WHAT IS NEEDED: Line by line, transcribe the data below exactly and pass over the images.

** Opening INPUT RECORDS block **

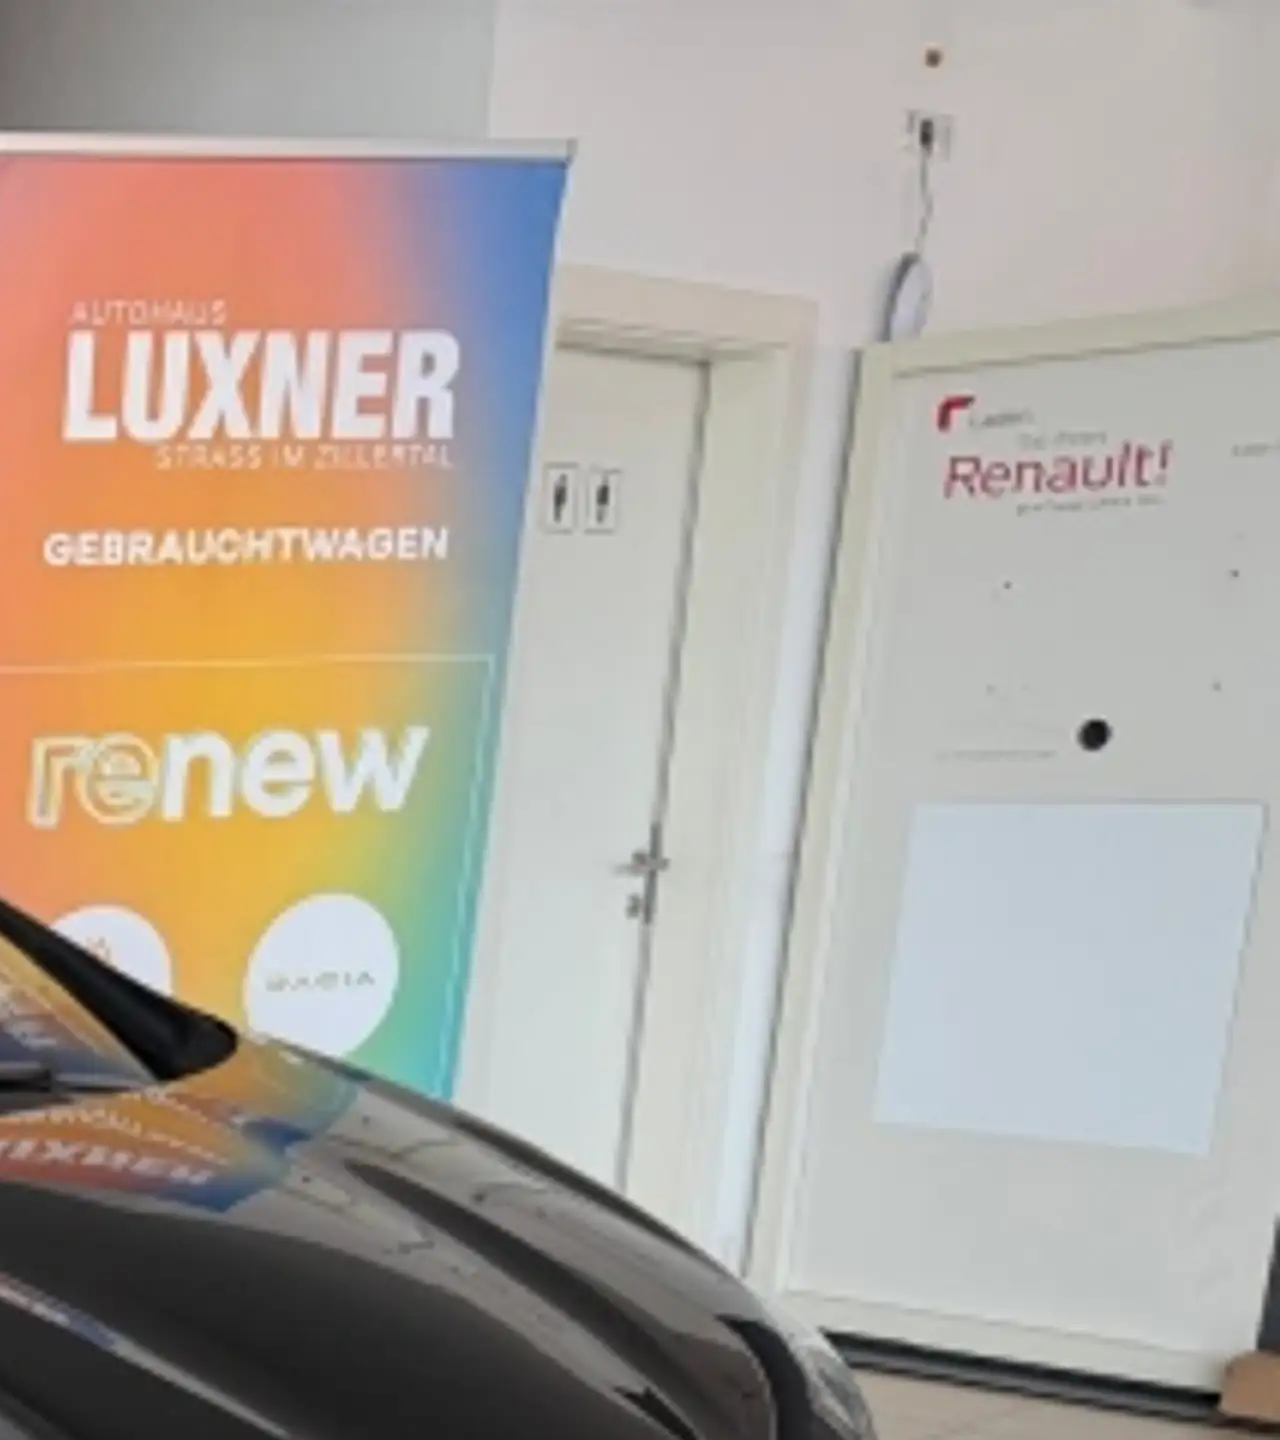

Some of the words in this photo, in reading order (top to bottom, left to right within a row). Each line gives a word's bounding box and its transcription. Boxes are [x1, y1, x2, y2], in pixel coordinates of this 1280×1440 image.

[70, 300, 227, 326] AUTOHAUS
[64, 329, 460, 442] LUXNER
[155, 444, 262, 471] STRASS
[273, 445, 304, 470] IM
[314, 443, 454, 470] ZILLERTAL
[943, 438, 1174, 501] Renault!
[43, 527, 450, 567] GEBRAUCHTWAGEN
[26, 724, 431, 828] renew

** Closing INPUT RECORDS block **

RESPONSE TO THE TASK:
Some of the words in this photo, in reading order (top to bottom, left to right within a row). Each line gives a word's bounding box and its transcription. Boxes are [x1, y1, x2, y2], in pixel coordinates of this 1280×1440 image.

[70, 300, 227, 326] AUTOHAUS
[64, 329, 460, 442] LUXNER
[155, 444, 262, 471] STRASS
[273, 445, 304, 470] IM
[314, 443, 454, 470] ZILLERTAL
[943, 438, 1174, 501] Renault!
[43, 527, 450, 567] GEBRAUCHTWAGEN
[26, 724, 431, 828] renew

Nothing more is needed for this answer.